Such doch einfach mal in den GPS Foren nach Dosso dei Roveri
hier z.B. www.gps-tour.info/de/touren/detail.39.html


----------



## MTB-News.de




----------



## xysiu33 (8. Mai 2011)

Hallo, erstens, verstehe ich dein Problem nicht so sehr: du warst schon 2x da, dieses Jahr noch mal 2x obwohl du enttäuscht bist ? Fahr doch woanders hin, z. B. in die Tolomiten. Es sei denn, du must - aus welchem Grund auch immer - dorthin fahren...

Egal: schon den Tremalzo gefahren ?

Parke dein Auto in Riva - fahre die Ponale hoch zum Ledrosee. Dort schön rumfahren und sich etwas ausruhen. Dannach die lange Asphaltstraße hoch - dauernt etwas lange und ist vielleicht etwas öde, ist aber gut für die Kondition. Danach über den Tunnel die vielen Serpentinen runter. Falls du mehr Details brauchst, bitte PN an mich schicken. Für die Tour brauchst du ganzen Tag, wenn du langsam unterwegs bist. Diese wirst aber nicht so einfach vergessen.

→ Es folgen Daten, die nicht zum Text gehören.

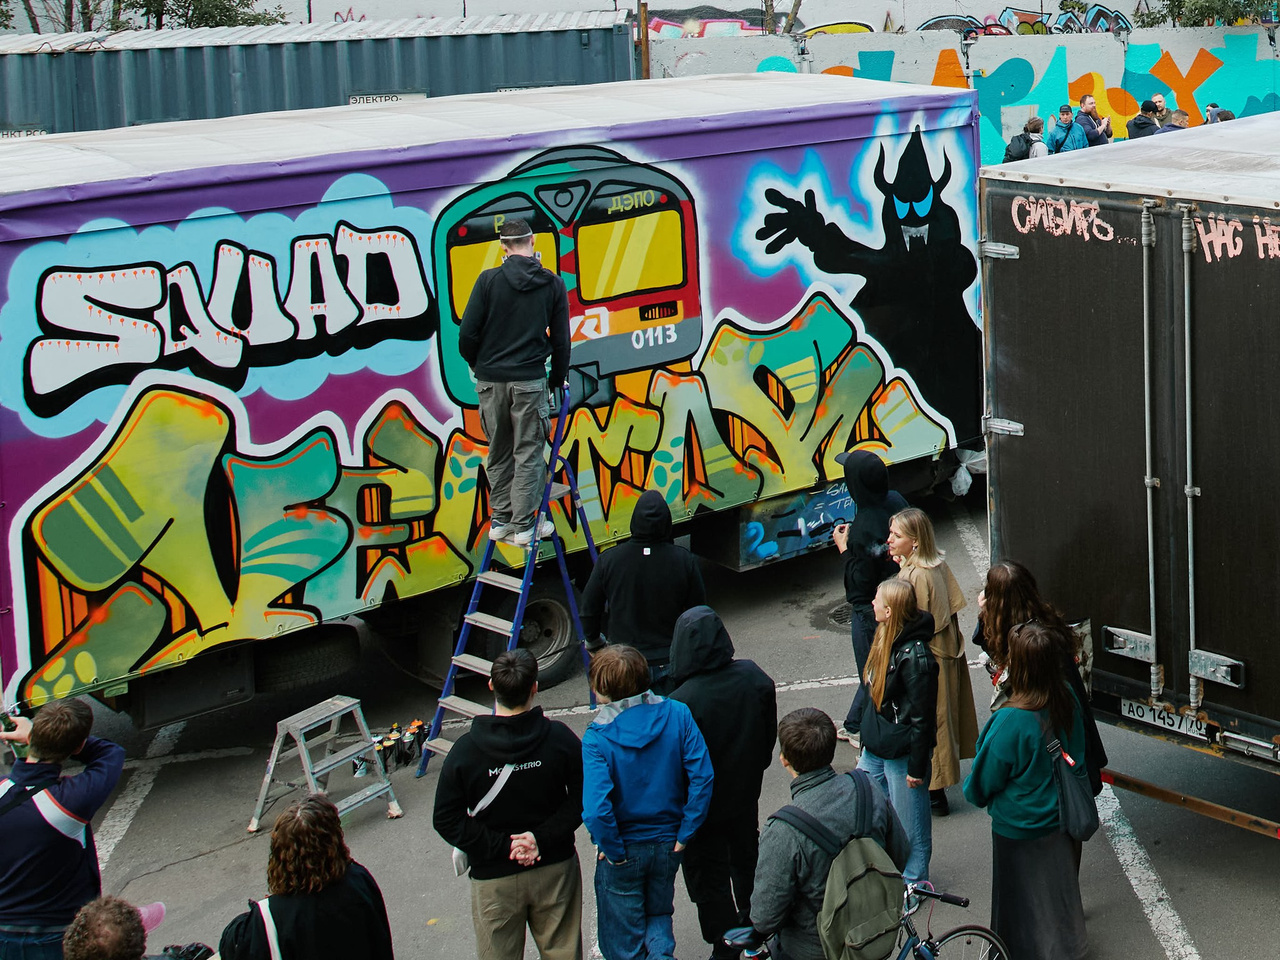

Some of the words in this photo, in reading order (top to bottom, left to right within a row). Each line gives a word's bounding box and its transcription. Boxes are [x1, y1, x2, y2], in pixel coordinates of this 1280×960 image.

Werde Ende August zum 2. Mal am Gardasee biken. Zwar ohne GPS aber es wird bestimmt wieder Spaßig. Dir auch viel Spaß.


----------



## Grobi-Stollo (9. Mai 2011)

xysiu33 schrieb:


> Hallo, erstens, verstehe ich dein Problem nicht so sehr: du warst schon 2x da, dieses Jahr noch mal 2x obwohl du enttäuscht bist ? Fahr doch woanders hin, z. B. in die Tolomiten. Es sei denn, du must - aus welchem Grund auch immer - dorthin fahren...
> 
> Egal: schon den Tremalzo gefahren ?
> 
> ...



Aus beruflichen und familiären Gründen bin ich häufig am Gardasee und hatte mit dem MTB noch nie so richtig Spaß dort. Aber das soll sich jetzt ändern , ich hab mich zu einem Fahrtechnikkurs angemeldet und
muß mich einfach besser über Tourenmöglichkeiten informieren.

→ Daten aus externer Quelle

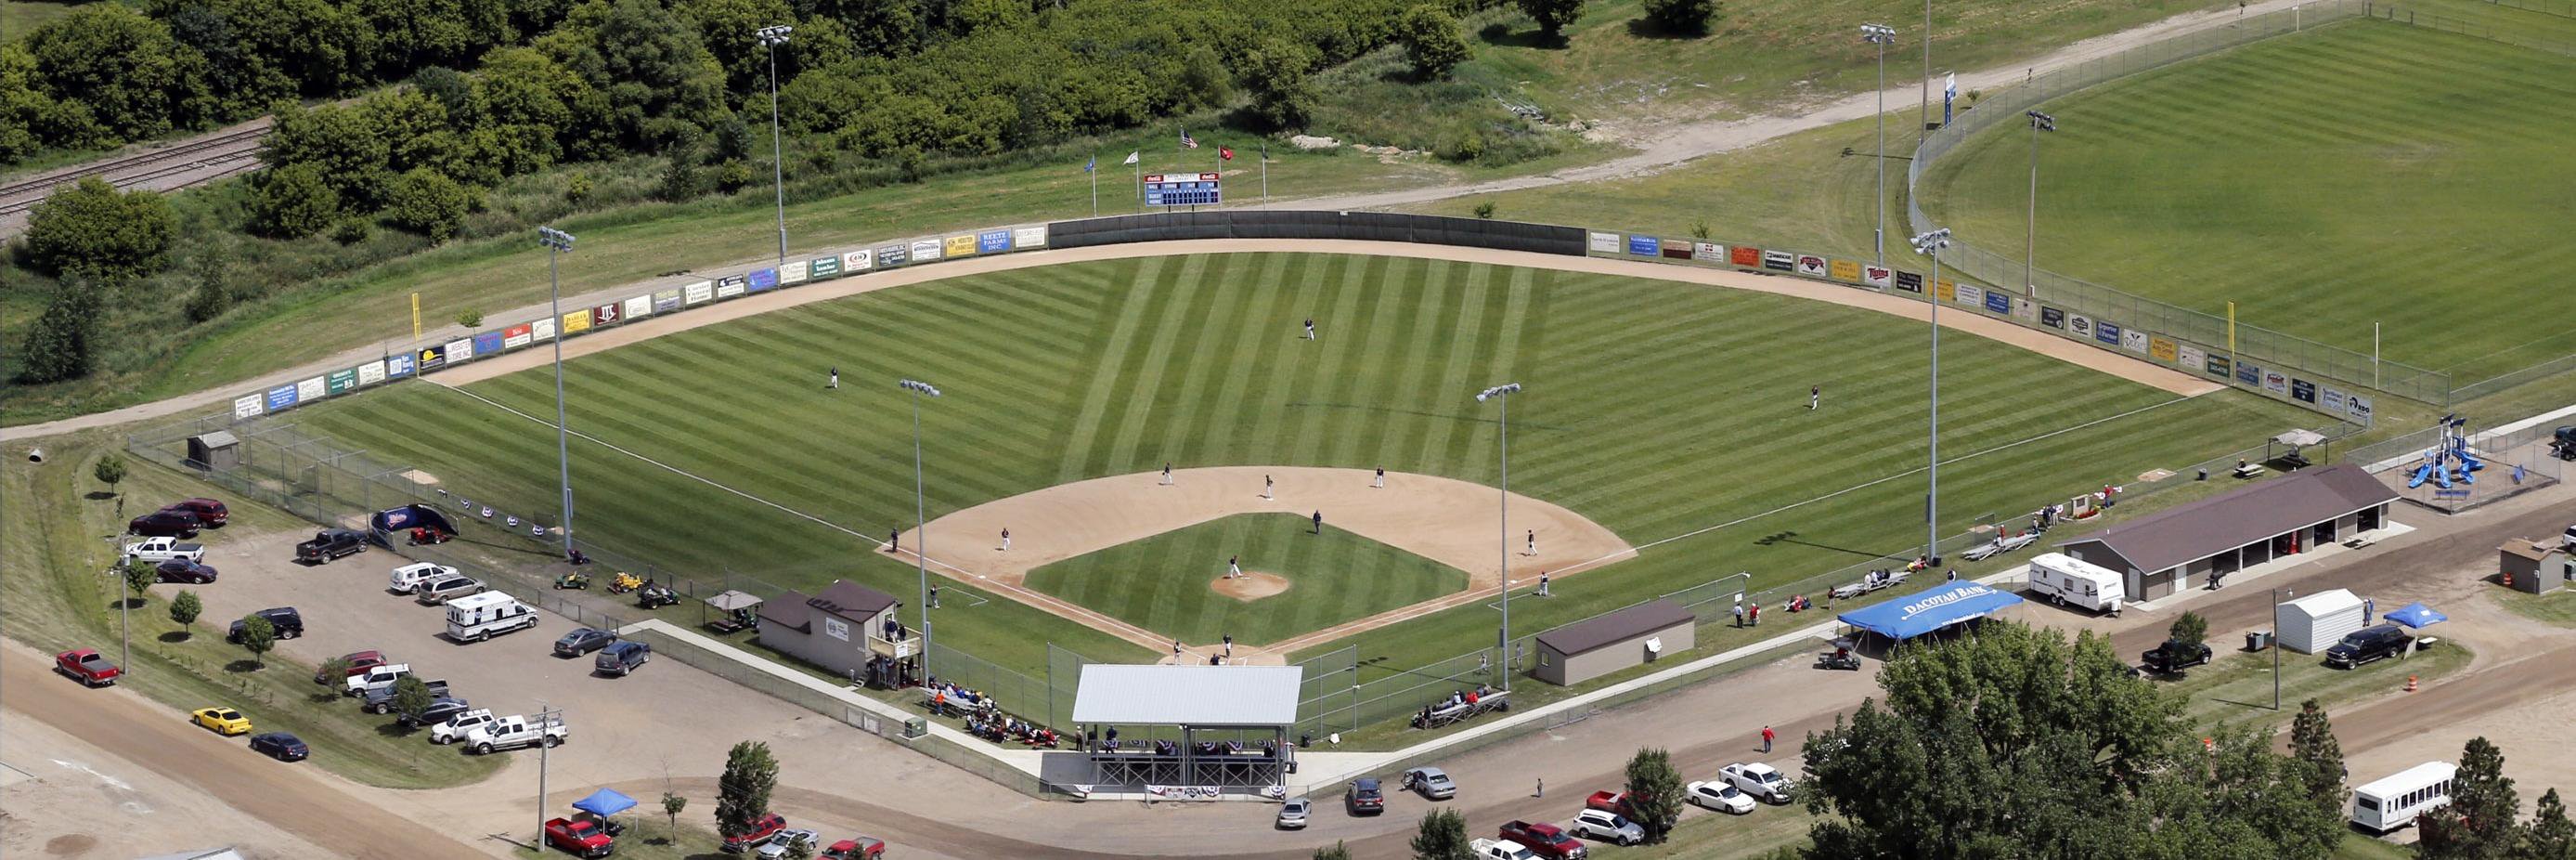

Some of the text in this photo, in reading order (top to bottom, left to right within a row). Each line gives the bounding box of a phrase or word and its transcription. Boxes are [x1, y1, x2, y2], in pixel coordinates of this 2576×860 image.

[983, 232, 1006, 241] REETZ
[1868, 267, 1889, 279] Twins
[1904, 585, 1987, 614] DACOTAH BANK

Danke für den Tipp mit dem Tremalzo, den habe ich vor zu fahren, Infos einer Tourenvariante habe ich aus dem Gardasee Bikeguide.


----------



## Athabaske (9. Mai 2011)

...ansonsten, wie wäre es mit Finale Ligure?

Höhenangst, das kenne ich. Aber ein Ratschlag von mir, man kann lernen damit umzugehen. Wobei ich zugeben muss, mit zunehmenden Jährchen fällt es auch immer schwerer. Komischerweise kann ich befreiter fahren, wenn ein steiler Hang im Wald ist.

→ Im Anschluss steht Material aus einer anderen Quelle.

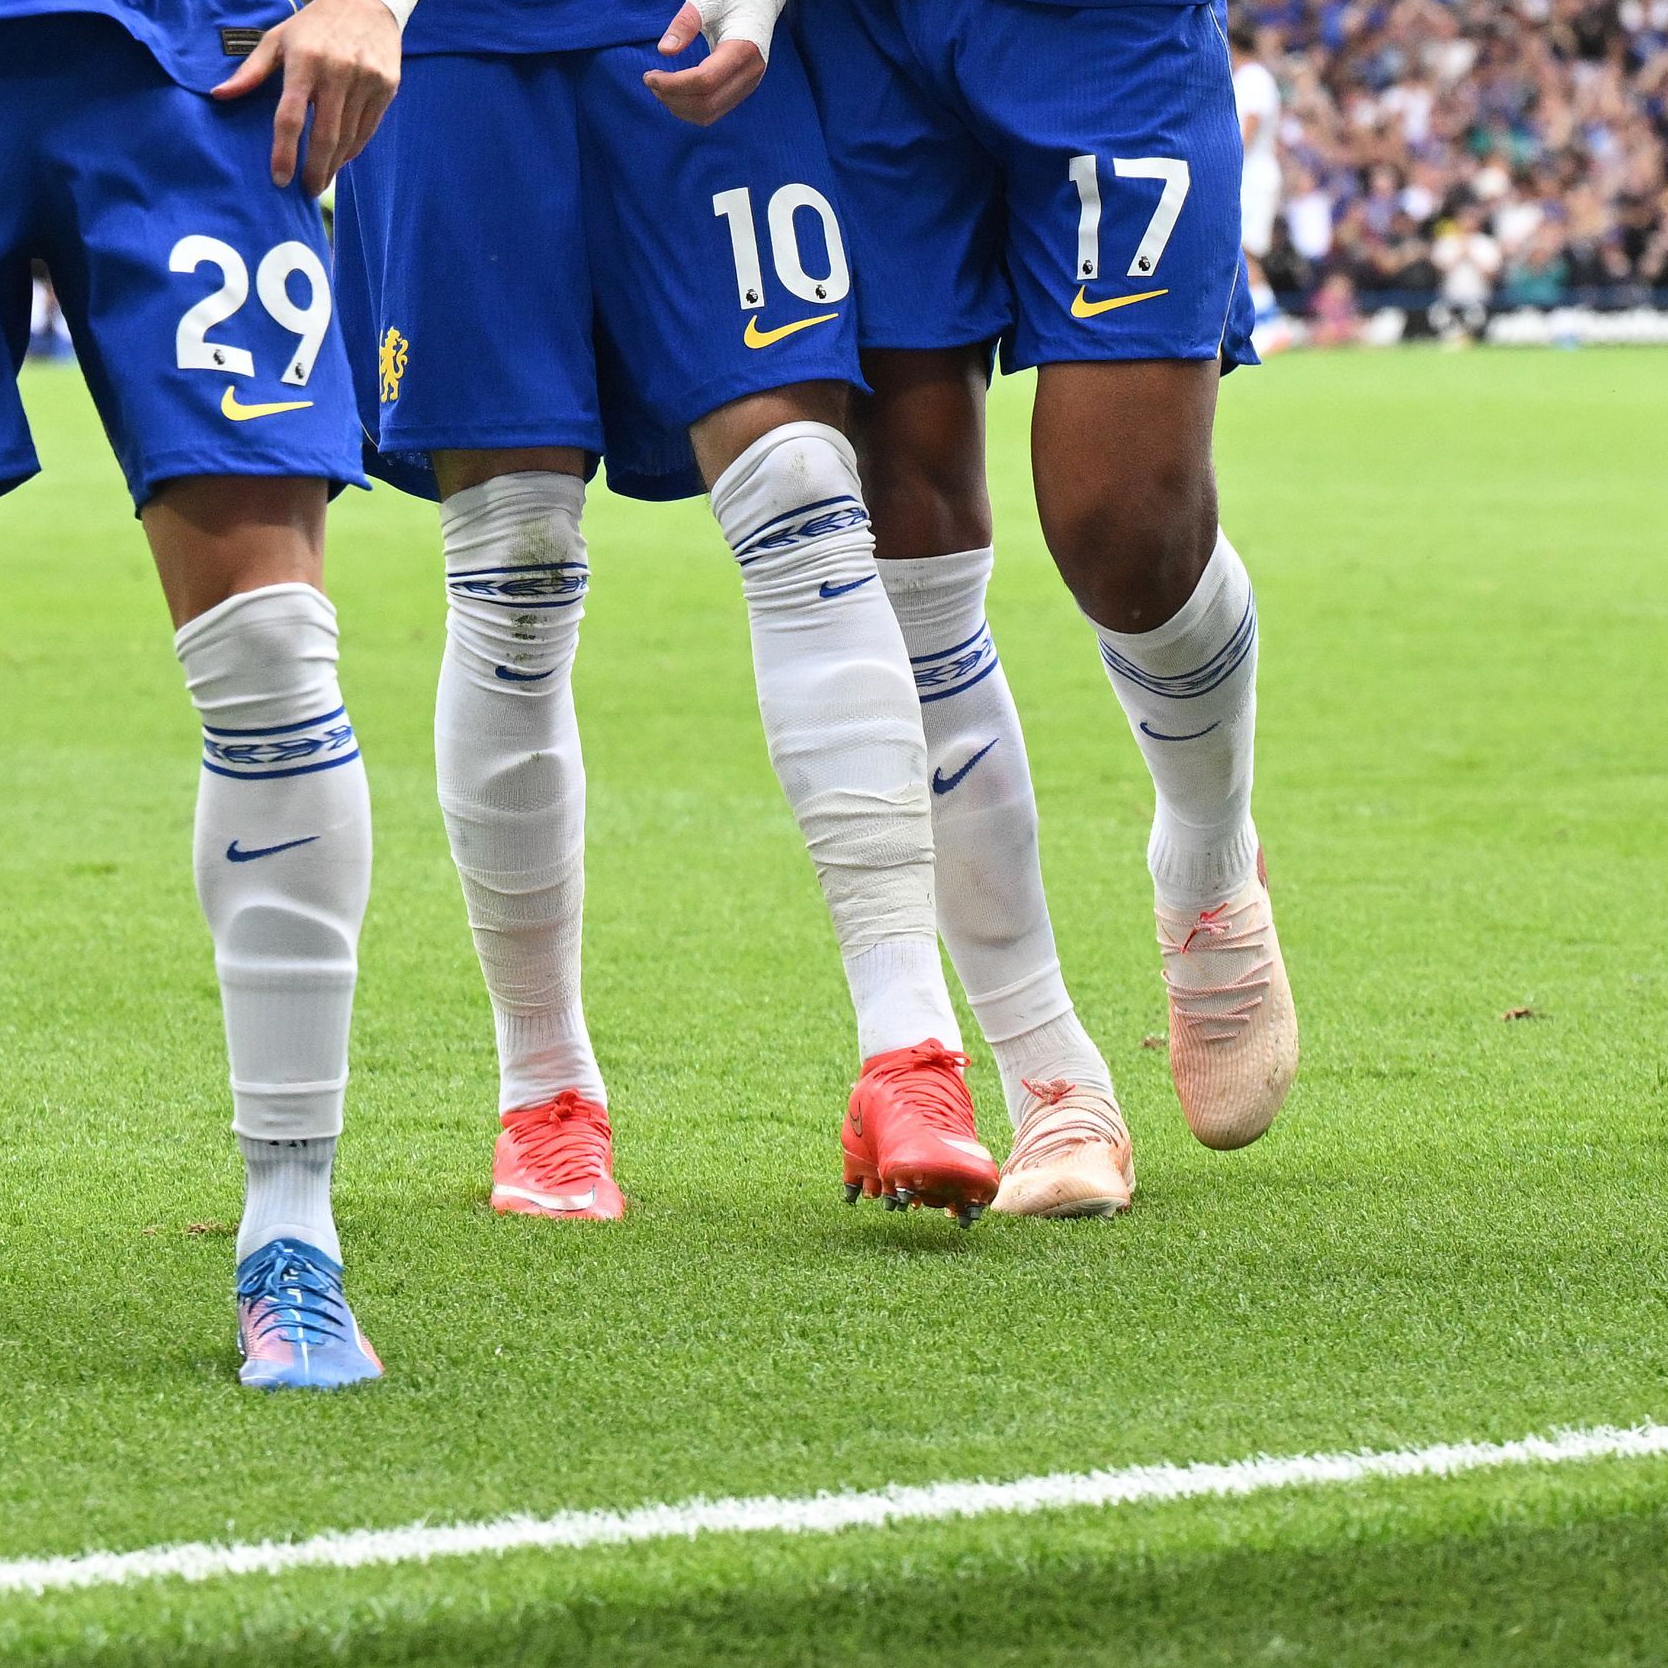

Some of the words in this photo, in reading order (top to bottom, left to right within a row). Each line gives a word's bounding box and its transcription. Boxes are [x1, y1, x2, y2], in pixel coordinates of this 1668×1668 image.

[713, 182, 851, 311] 10
[1068, 154, 1191, 281] 17
[167, 234, 333, 387] 29

Es ist tatsächlich schwer, "lockere" Touren mit Anspruch am Gardasee zu finden. Der Lagoschotter ist immer eine Herausforderung und wenn man wie ich aus dem Mittelgebirge kommt hat man außer in einem Steinbruch keine Möglichkeit das mal zu üben. Leider sind in den letzten Jahren auch einige Abfahrten über breitere Wege betoniert worden - Trailpflege mal anders. Oder ganz einfach nach aktueller Lage verboten.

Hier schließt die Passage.